In the past few weeks, I’ve been writing some posts about the Ebola situation in Texas, in particular, because I have both some medical background and some knowledge of the many different kinds of Texas hospitals. If any of you are interested in those, they’re presently on my LiveJournal, and I’ve referenced some of them in Twitter. (If you want a list of links, I can provide it.) It was clear to us from the first report of Mr. Duncan’s experience at that Dallas hospital that a) it wasn’t a first-rate hospital (for more reasons than missing an Ebola diagnosis on his first visit) and b) that given its quality, additional cases were almost certainly going to show up.

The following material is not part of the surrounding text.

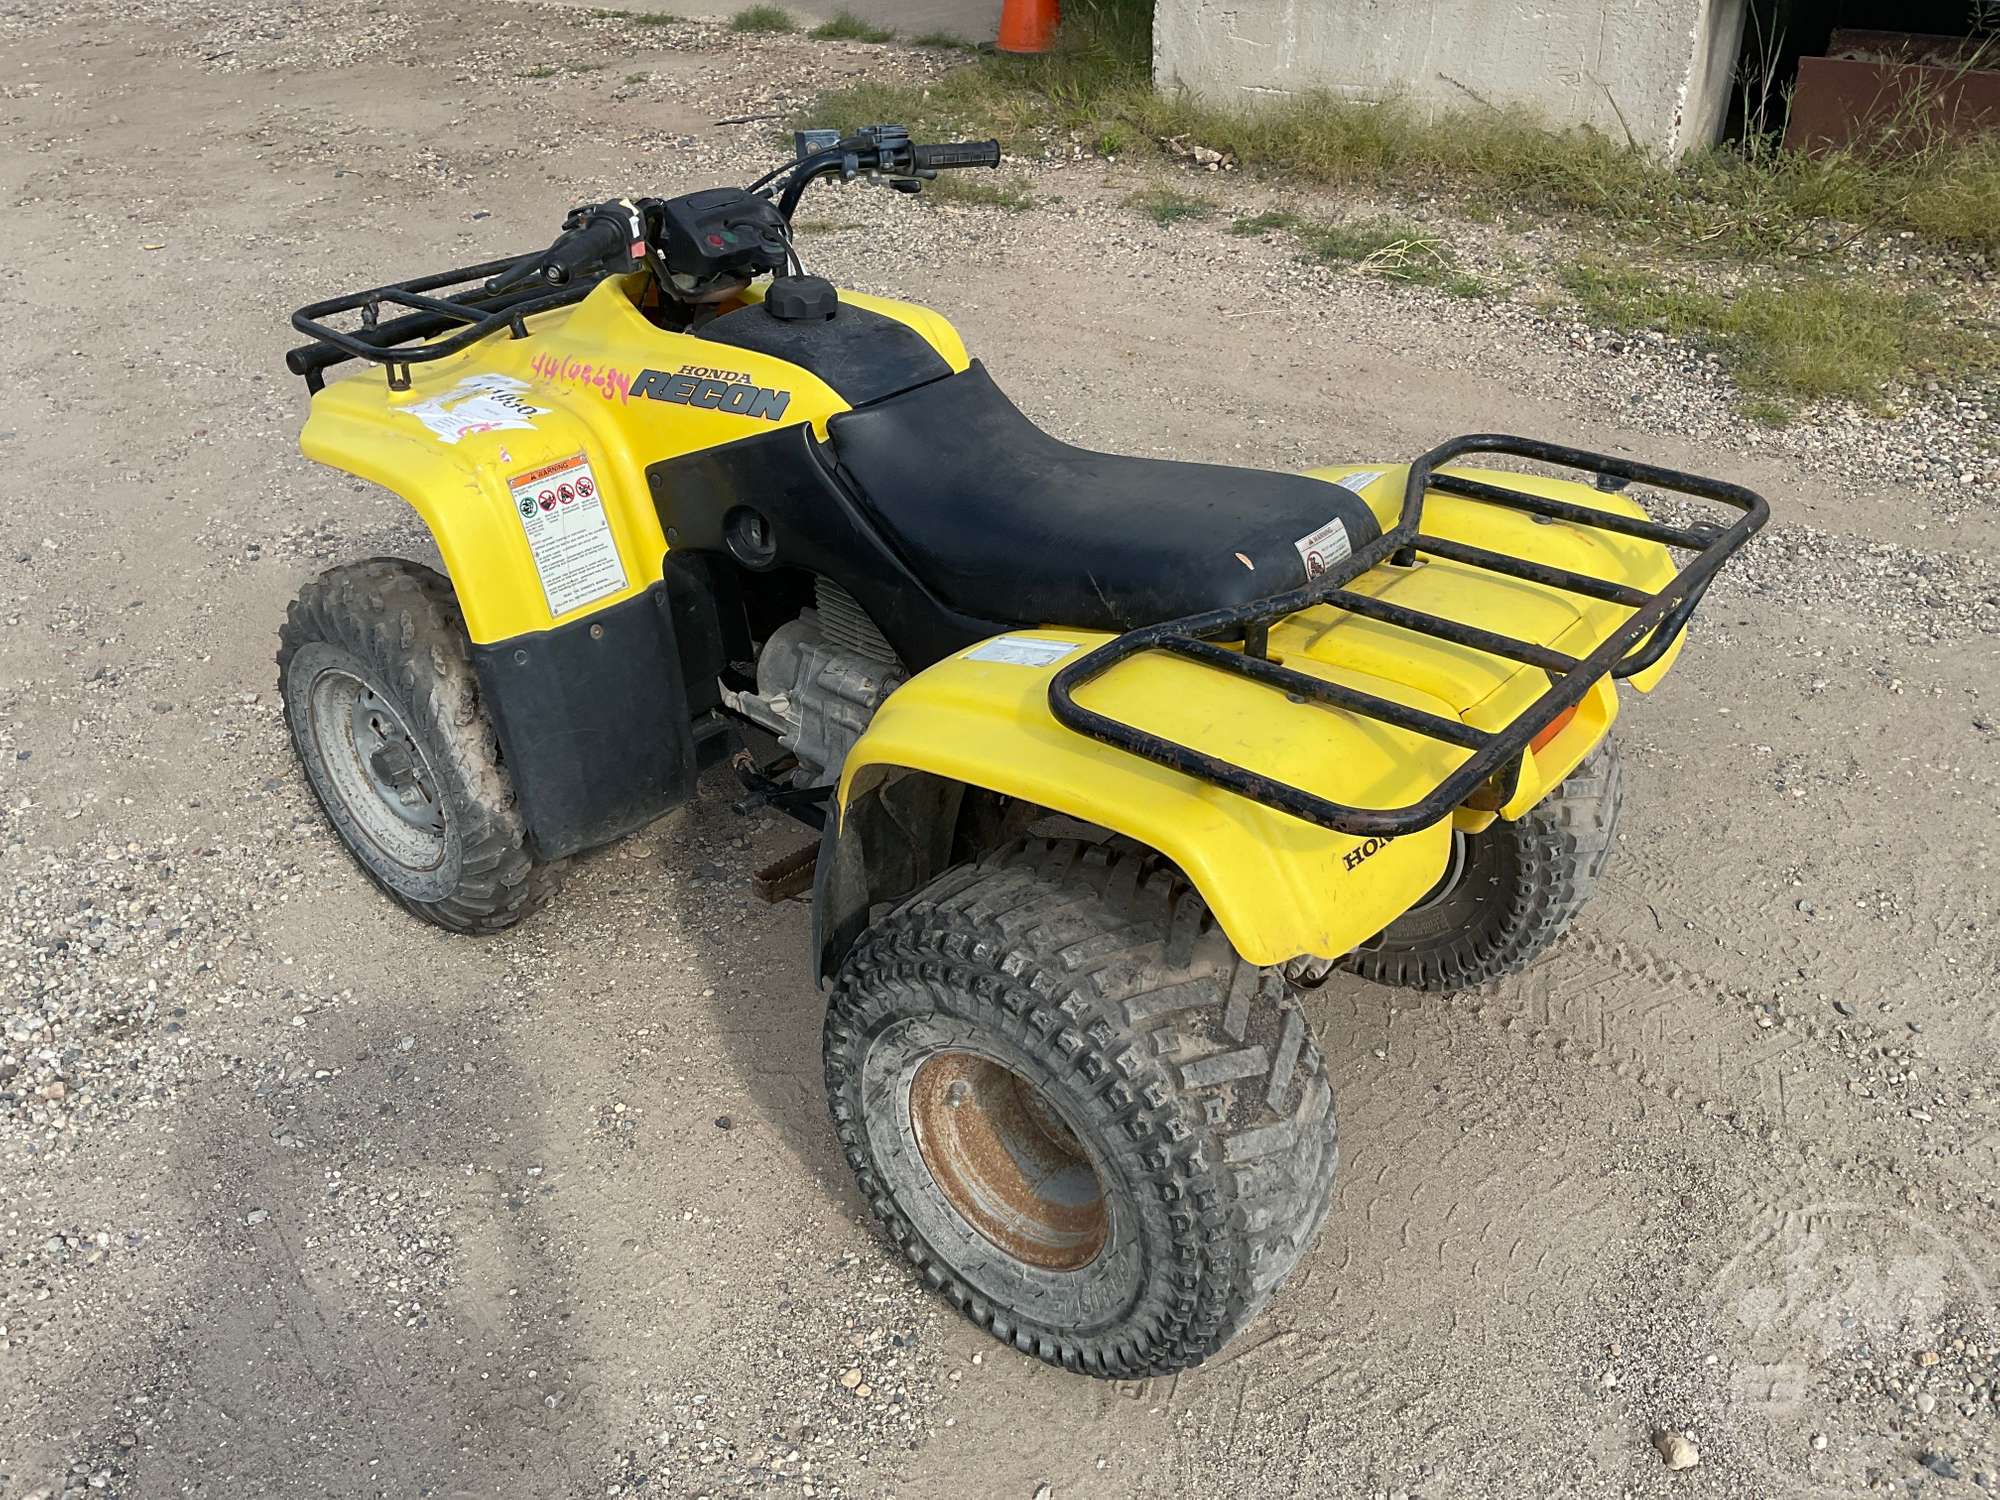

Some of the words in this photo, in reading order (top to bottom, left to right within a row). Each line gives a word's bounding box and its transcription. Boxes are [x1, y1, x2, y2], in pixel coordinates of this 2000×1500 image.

[677, 364, 752, 384] HONDA
[628, 368, 791, 421] RECON
[1343, 836, 1395, 872] HON

We are from a generation when many of the modern immunizations weren’t available and the ones that were were absolutely required by the school systems. We had tetanus, diptheria, whooping cough, typhoid, and smallpox immunizations, all at a more frequent interval than they’re given now. Even so, there was sporadic smallpox across the river in Mexico, and there was a diptheria outbreak about 10 miles from where I lived. Children I knew died of polio and some survived with permanent disabilities. Nurses in my childhood had trained in the pre-antibiotic era; cross-contamination was a constant battle in hospitals; nurses and doctors both contracted TB and other diseases from their work. So sterile technique was paramount–the only defense against these and the other diseases.

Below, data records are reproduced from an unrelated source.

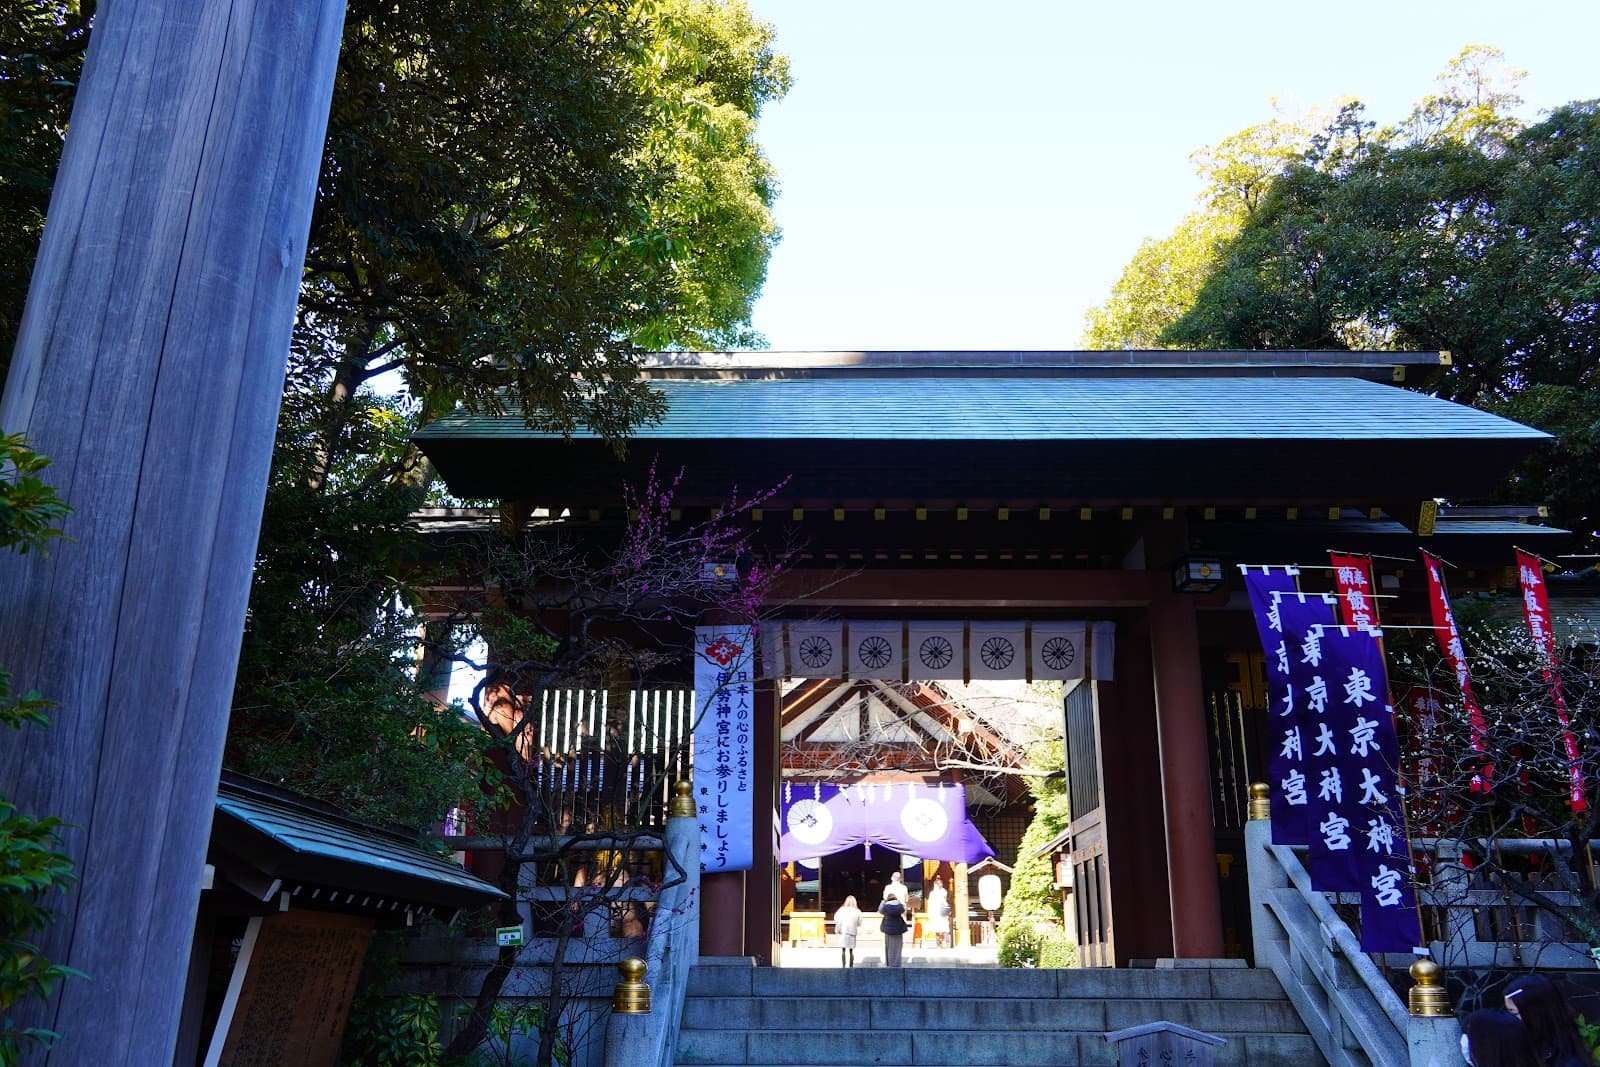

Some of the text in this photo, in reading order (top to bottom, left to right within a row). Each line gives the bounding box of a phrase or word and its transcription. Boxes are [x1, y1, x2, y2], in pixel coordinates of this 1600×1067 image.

[715, 671, 732, 868] 伊勢神宮にお参りしましょう
[736, 671, 749, 792] 日本人の心のふるさと
[1300, 630, 1352, 851] 東京大神宮
[1343, 667, 1403, 908] 東京大神宮
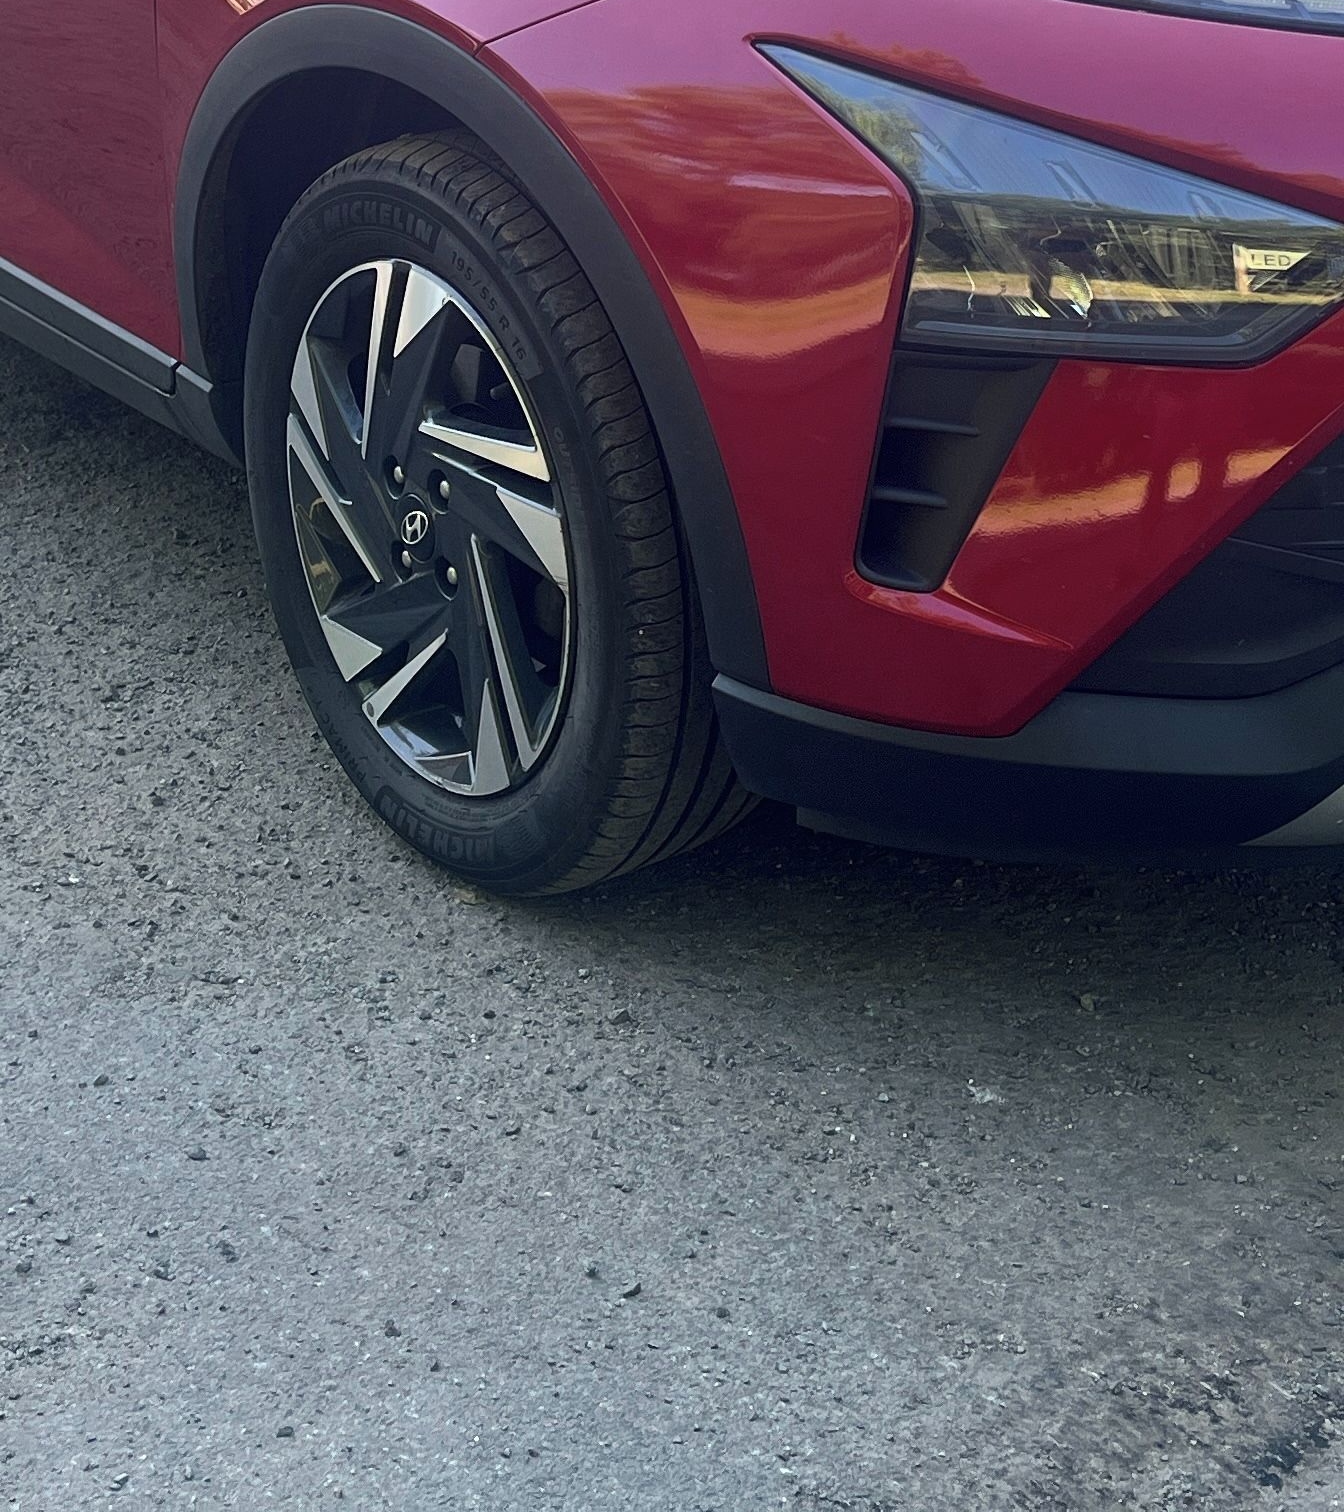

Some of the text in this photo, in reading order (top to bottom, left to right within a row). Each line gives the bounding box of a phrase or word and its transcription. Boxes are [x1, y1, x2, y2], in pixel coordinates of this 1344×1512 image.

[323, 200, 433, 247] MICHELIN
[1250, 253, 1291, 267] LED
[450, 250, 528, 361] 195/55 R 16
[379, 789, 497, 862] MICHELIN

We were quarantined when we had measles or mumps (not so much with chickenpox though we couldn’t attend school) and no school expected perfect attendance until at least junior high (by which time most of us had had measles, rubella, mumps, chickenpox and a host of less important diseases. Movie theaters and swimming pools were closed part of every summer, as polio outbreaks moved through the region. We had block quarantines (children not allowed to leave the block they lived on) for polio, and if someone you knew came down with it, the similar routine of daily checks of temperature and (different) neck suppleness. “Touch your chin to your chest!” because stiff necks were associated with polio attacking the spinal cord. A summer sniffle or cold was always a worry for parents, and for us by the time we were in school. When I was in first grade, one of the two second grade teachers came down with polio and I, like all the others who had been around her (she was a sweet young woman and we all liked her) had to get gamma globulin shots. Boy, did that hurt! But I didn’t get polio–which was lucky, because the year before (I think it was–I was still in Mrs. Jordan’s preschool) I had had encephalitis that nearly killed me. In a coma for 3-4 days with temperature (I was told later) over 106F. Packed in ice trying to get it down.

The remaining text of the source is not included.